GSA Annual Meeting in Phoenix, Arizona, USA - 2019

Paper No. 77-4
Presentation Time: 9:00 AM

METAMORPHISM ALONG MIGRATING GRAIN BOUNDARIES AND THE EQUILIBRIUM ORIGIN OF SOME MINERAL INCLUSIONS: A TRIBUTE TO THE MEMORY OF BOB TRACY (Invited Presentation)


NACHLAS, William O. and THOMAS, Jay B., Department of Earth Sciences, Syracuse University, 204 Heroy Geology Laboratory, Syracuse, NY 13244

Robert J. (“Bob”) Tracy was truly a renaissance-man petrologist whose wide-ranging expertise touched on many facets of the origin and evolution of solid earth materials. His encyclopedic knowledge of all-things petrology is reflected by the breadth of research topics investigated over the course of his career. A common thread to his work was seeking to understand not only the driving forces for metamorphic reactions but also the grain-scale mechanisms by which rocks adjust their mineralogy and compositions to respond to changing environmental conditions. This expertise was impressed upon us during our years of interacting with Bob and undoubtedly contributed to shaping our scientific perspective.

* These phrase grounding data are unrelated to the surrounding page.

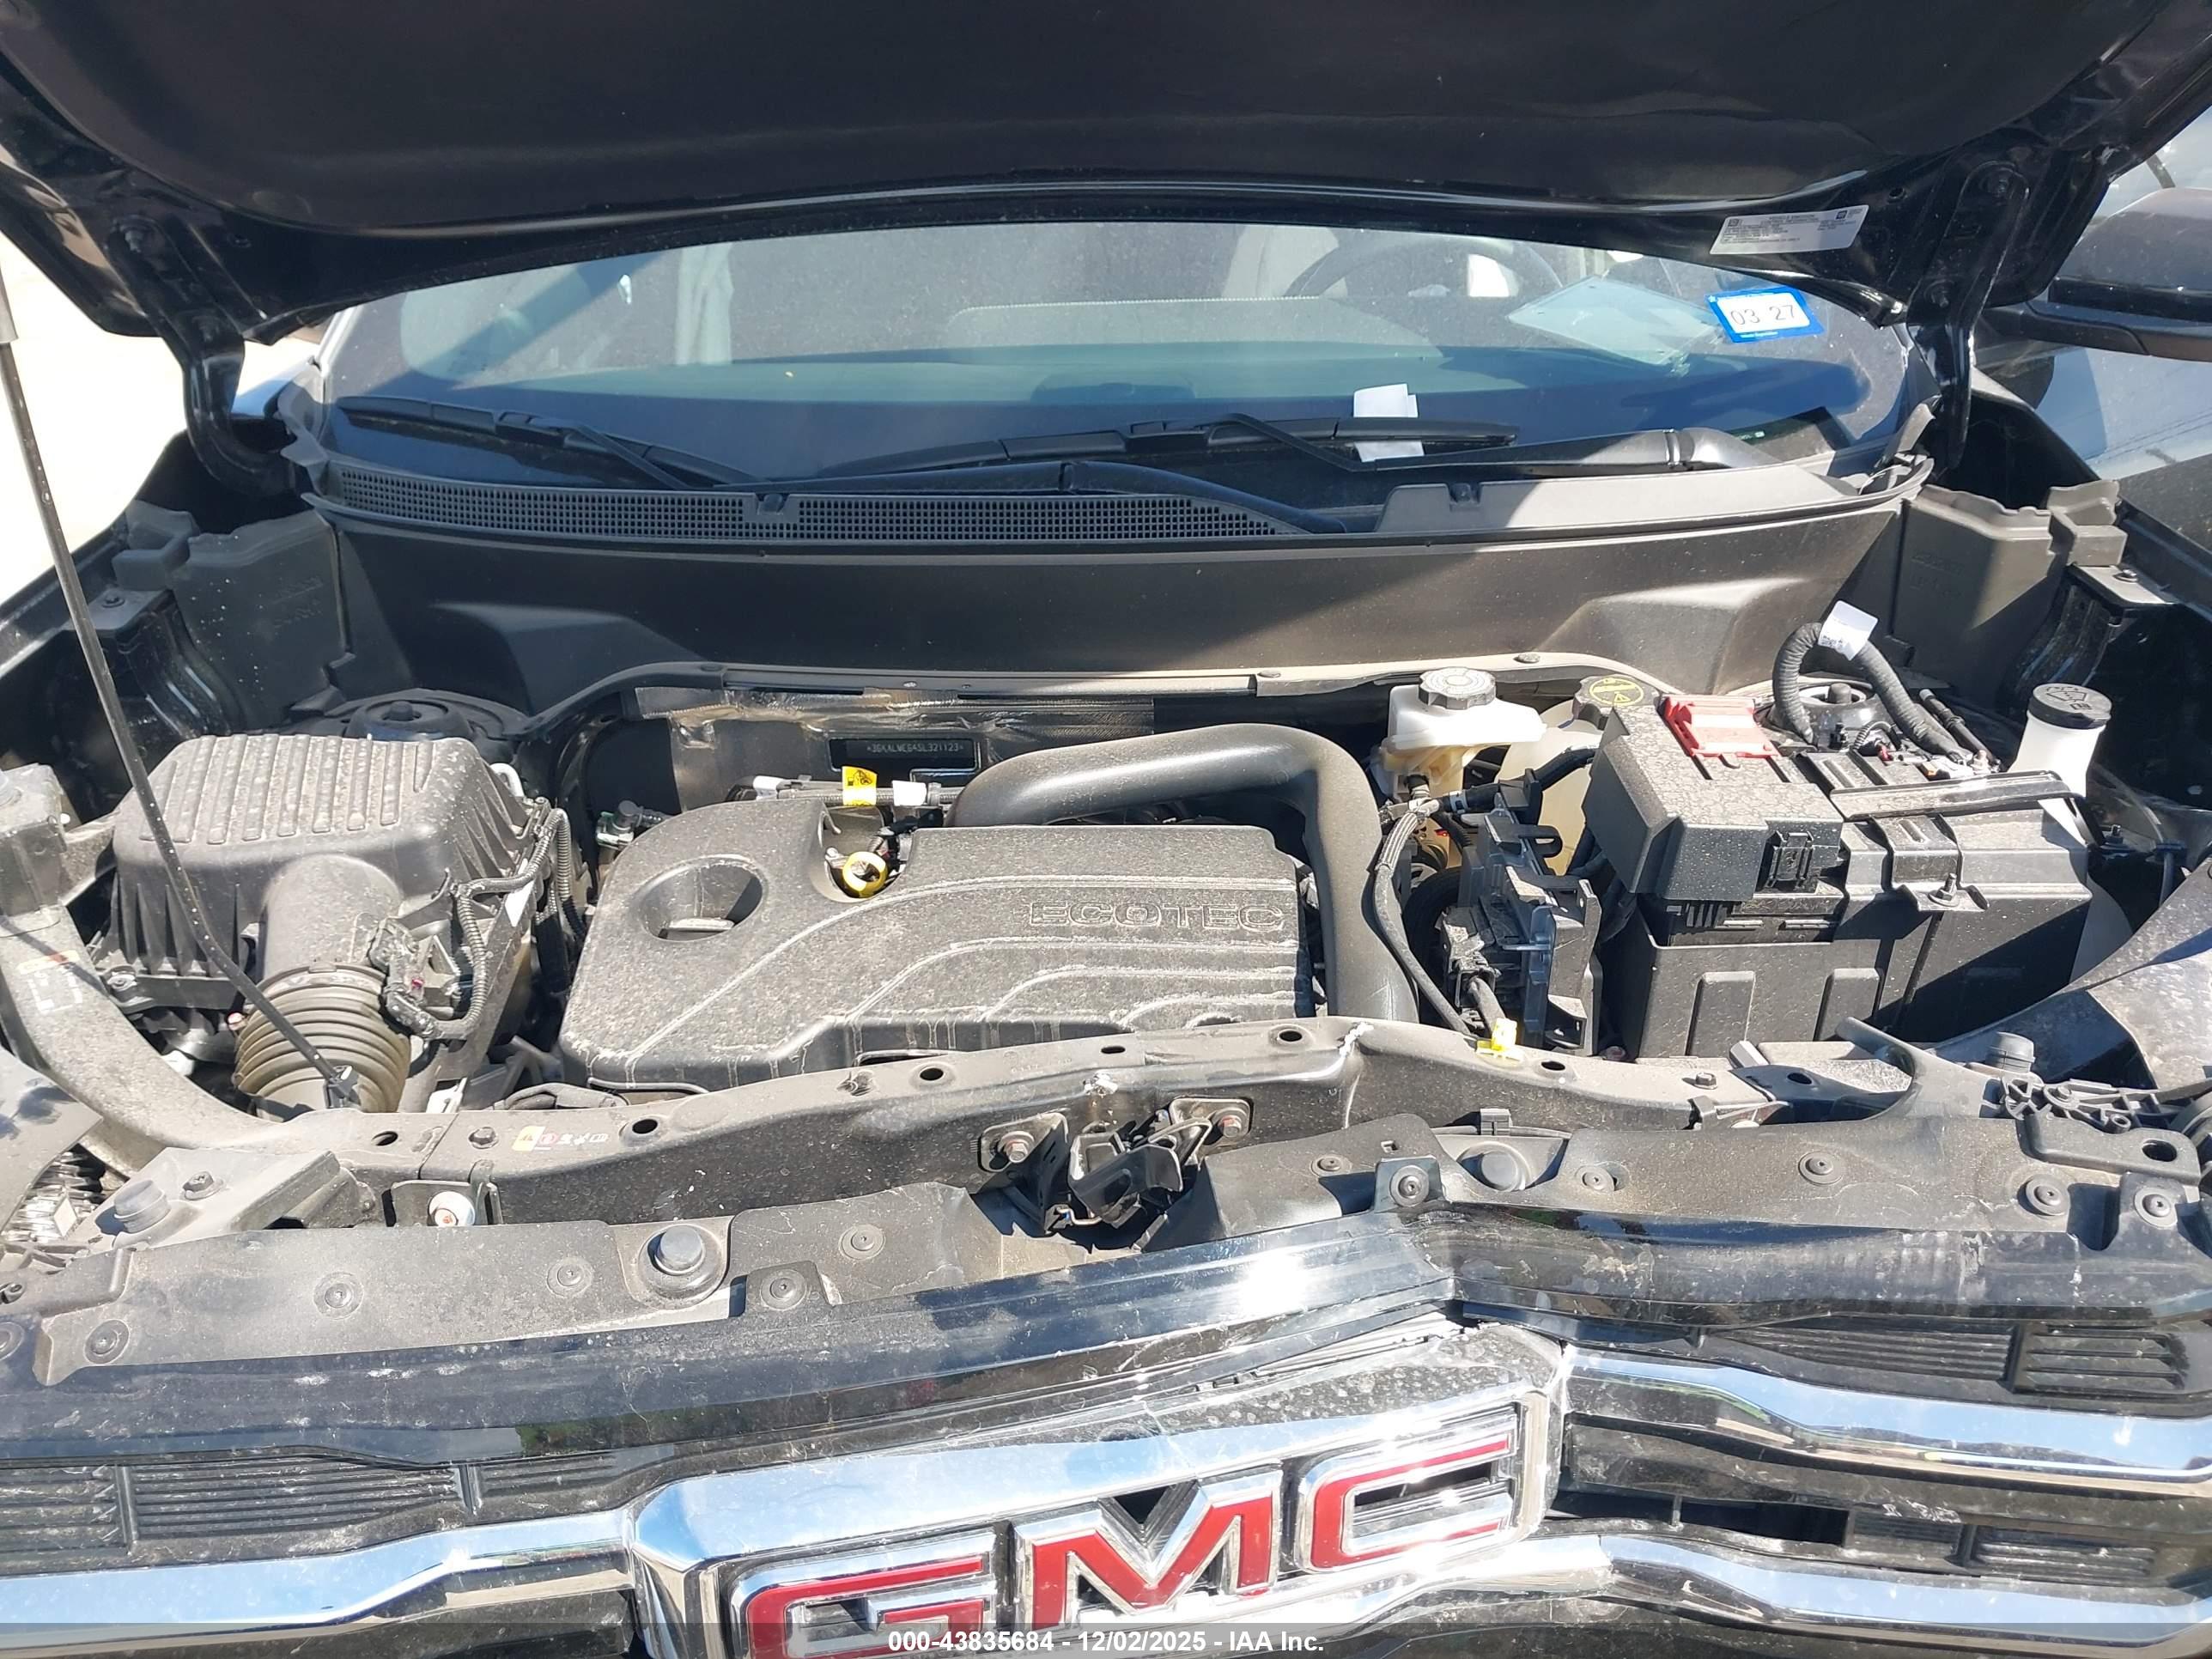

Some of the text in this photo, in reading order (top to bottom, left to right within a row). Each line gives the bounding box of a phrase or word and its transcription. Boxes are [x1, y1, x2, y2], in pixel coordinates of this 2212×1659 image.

[1729, 304, 1796, 325] 03 27
[1029, 901, 1285, 933] ECOTEC
[730, 1405, 1520, 1659] GMC
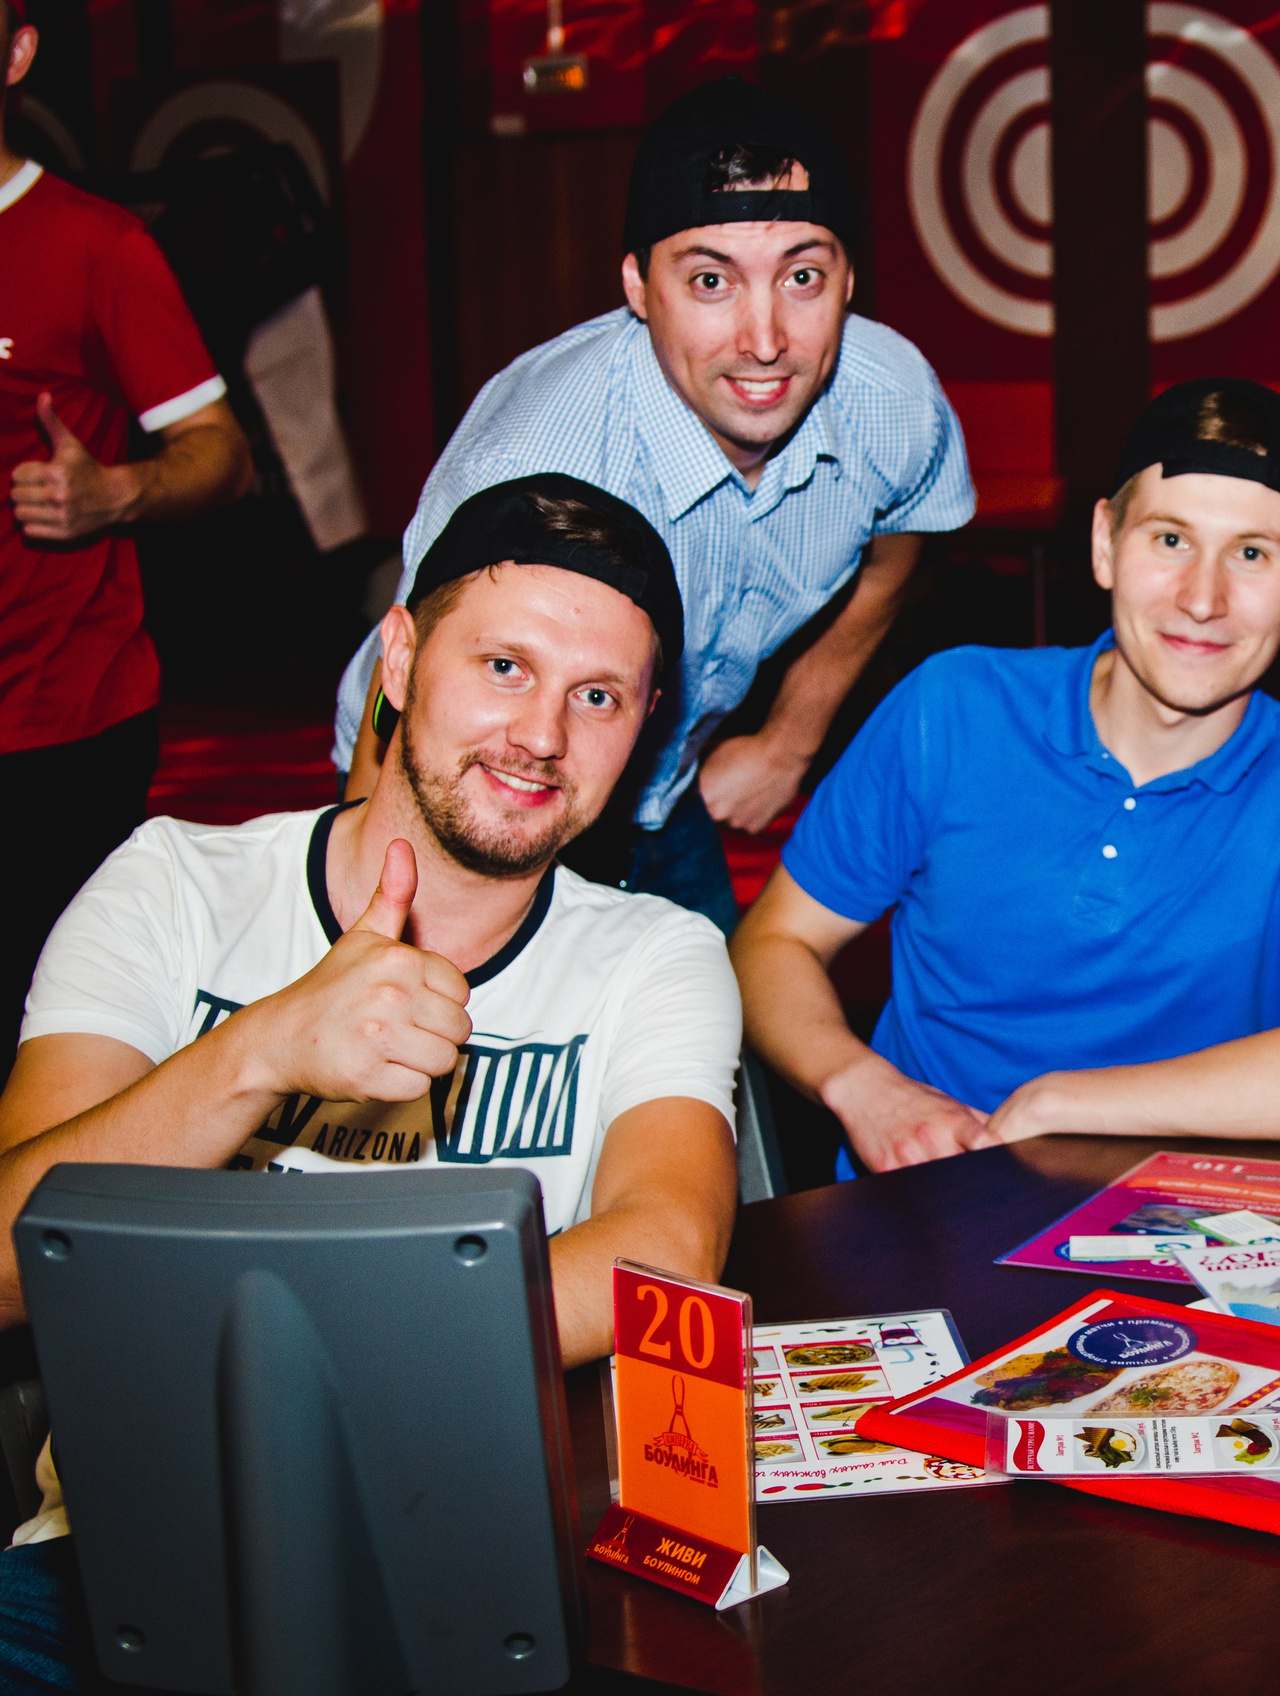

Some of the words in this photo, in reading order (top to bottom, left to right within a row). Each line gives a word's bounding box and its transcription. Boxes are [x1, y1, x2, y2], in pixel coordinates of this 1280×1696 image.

[311, 1121, 422, 1163] ARIZONA
[636, 1283, 716, 1370] 20
[1127, 1319, 1175, 1329] прямые
[644, 1444, 719, 1484] БОУЛИНГА
[770, 1469, 827, 1479] важных
[829, 1462, 875, 1474] самых
[655, 1537, 708, 1569] ЖИВИ
[643, 1554, 702, 1585] БОУЛИНГОМ
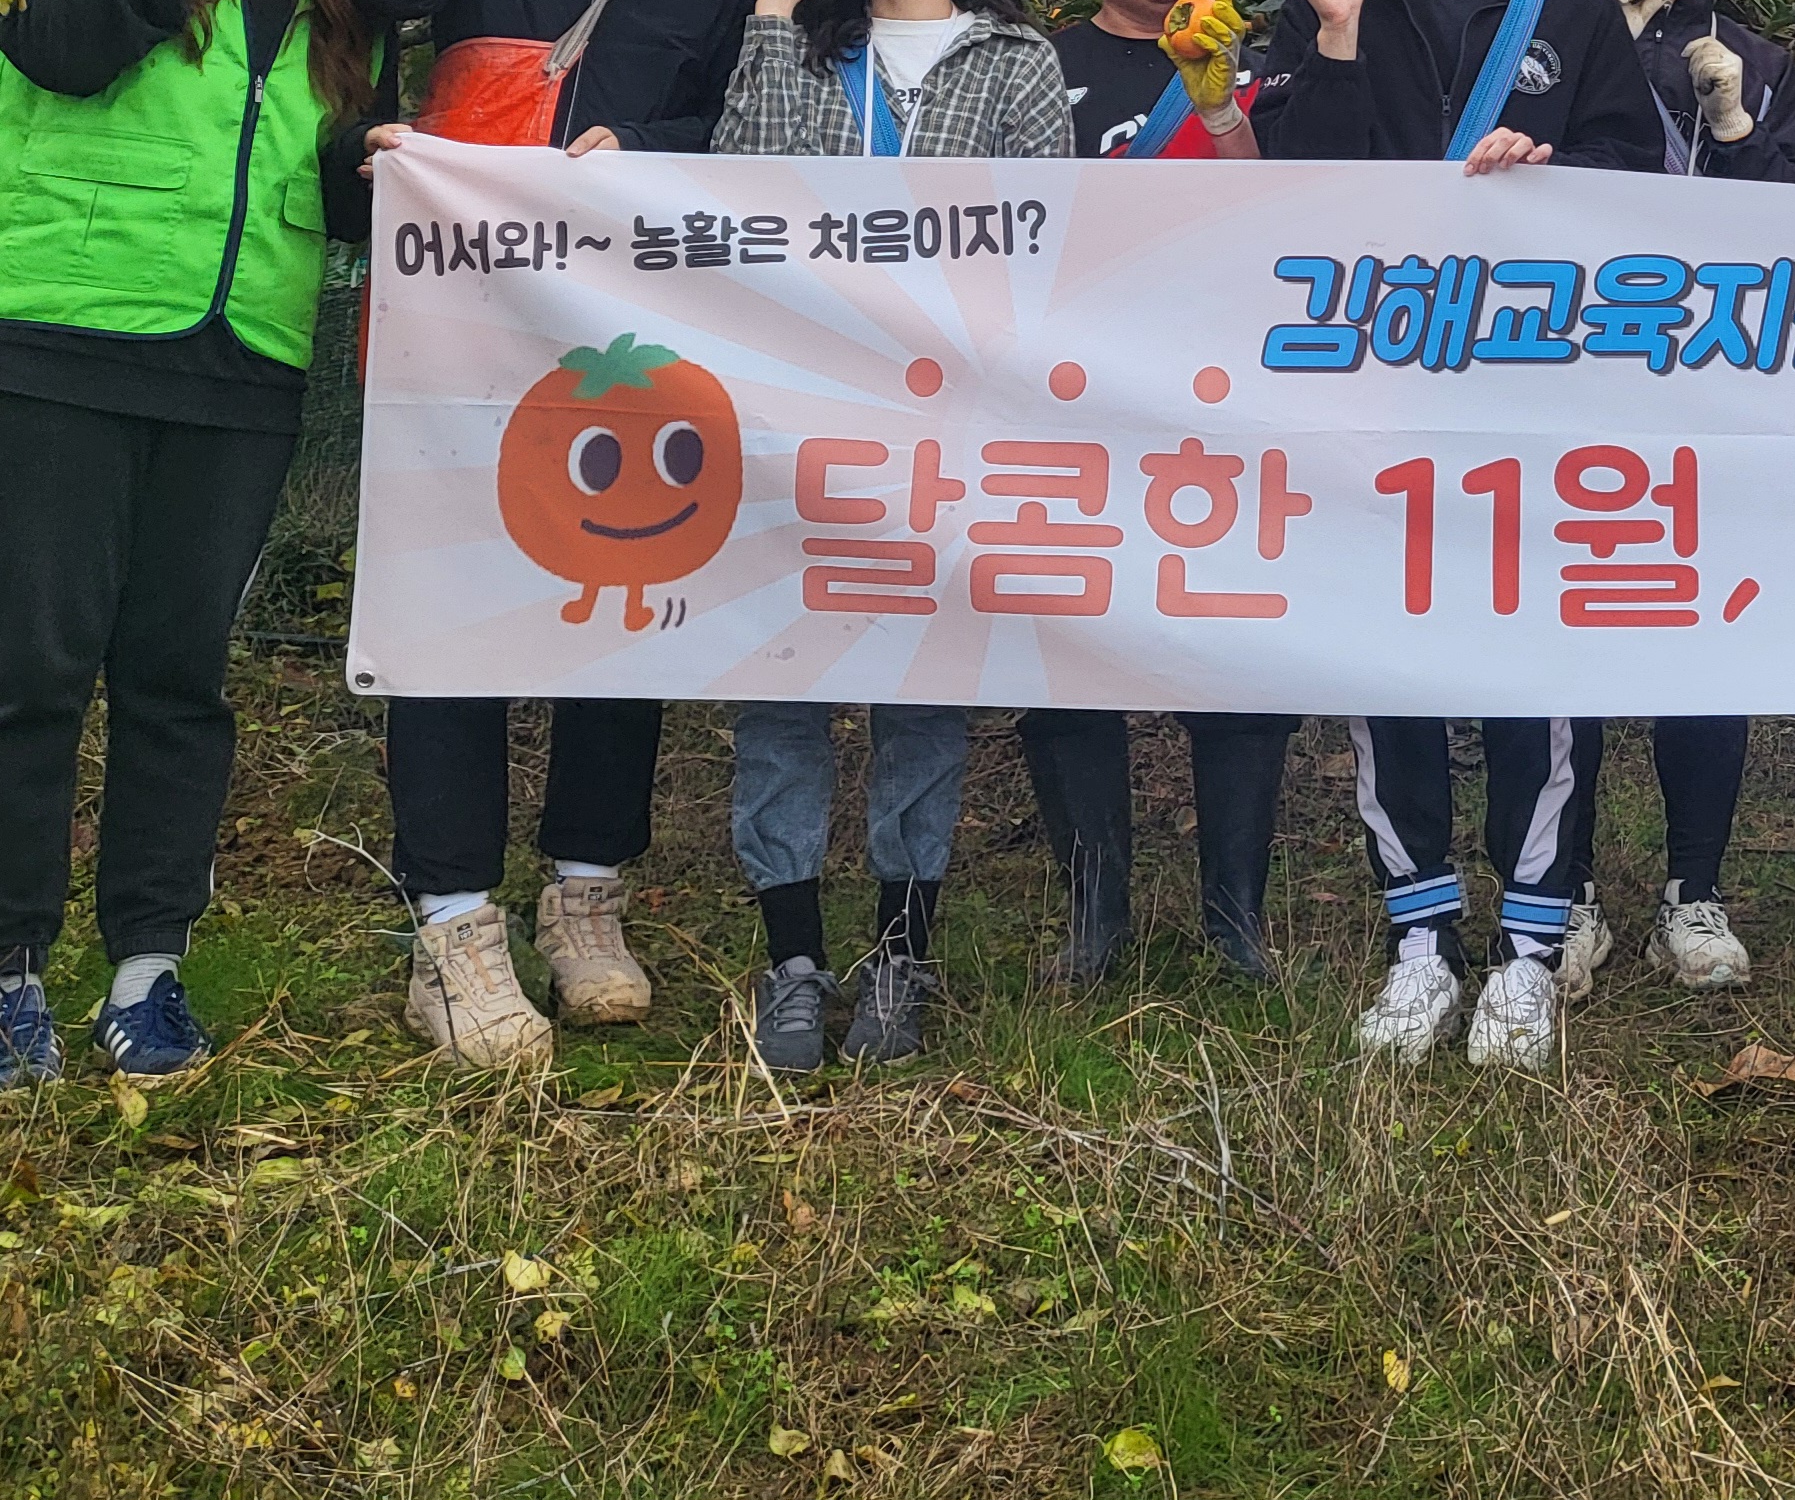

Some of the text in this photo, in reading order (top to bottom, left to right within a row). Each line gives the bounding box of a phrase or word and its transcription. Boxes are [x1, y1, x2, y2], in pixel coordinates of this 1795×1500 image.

To continue investigating the mechanisms of metamorphic reactions, we combine detailed analysis of rocks metamorphosed in a variety of geologic settings with carefully-designed experiments to investigate the driving forces, grain-scale processes, and consequences of reactions in a simple system with clearly defined solubility and diffusivity relationships: Ti-in-quartz. Hydrostatic recrystallization experiments conducted on synthetic quartz aggregates reveal local migration of boundaries between neighboring grains with out-of-equilibrium Ti contents. A consequence of this process is to produce a two-phase material – rutilated quartz – in the wake of a migrated boundary. This de-alloying process is driven by compositional instability between adjacent grains and is described by the mechanism of chemically-induced grain boundary migration. This presentation will describe recent work to elucidate the significance of driving forces that arise from trace-level compositional differences between adjacent grains in an aggregate, the consequences of these driving forces for recrystallization and microstructure development, and the importance of this process for the equilibrium formation of mineral inclusions.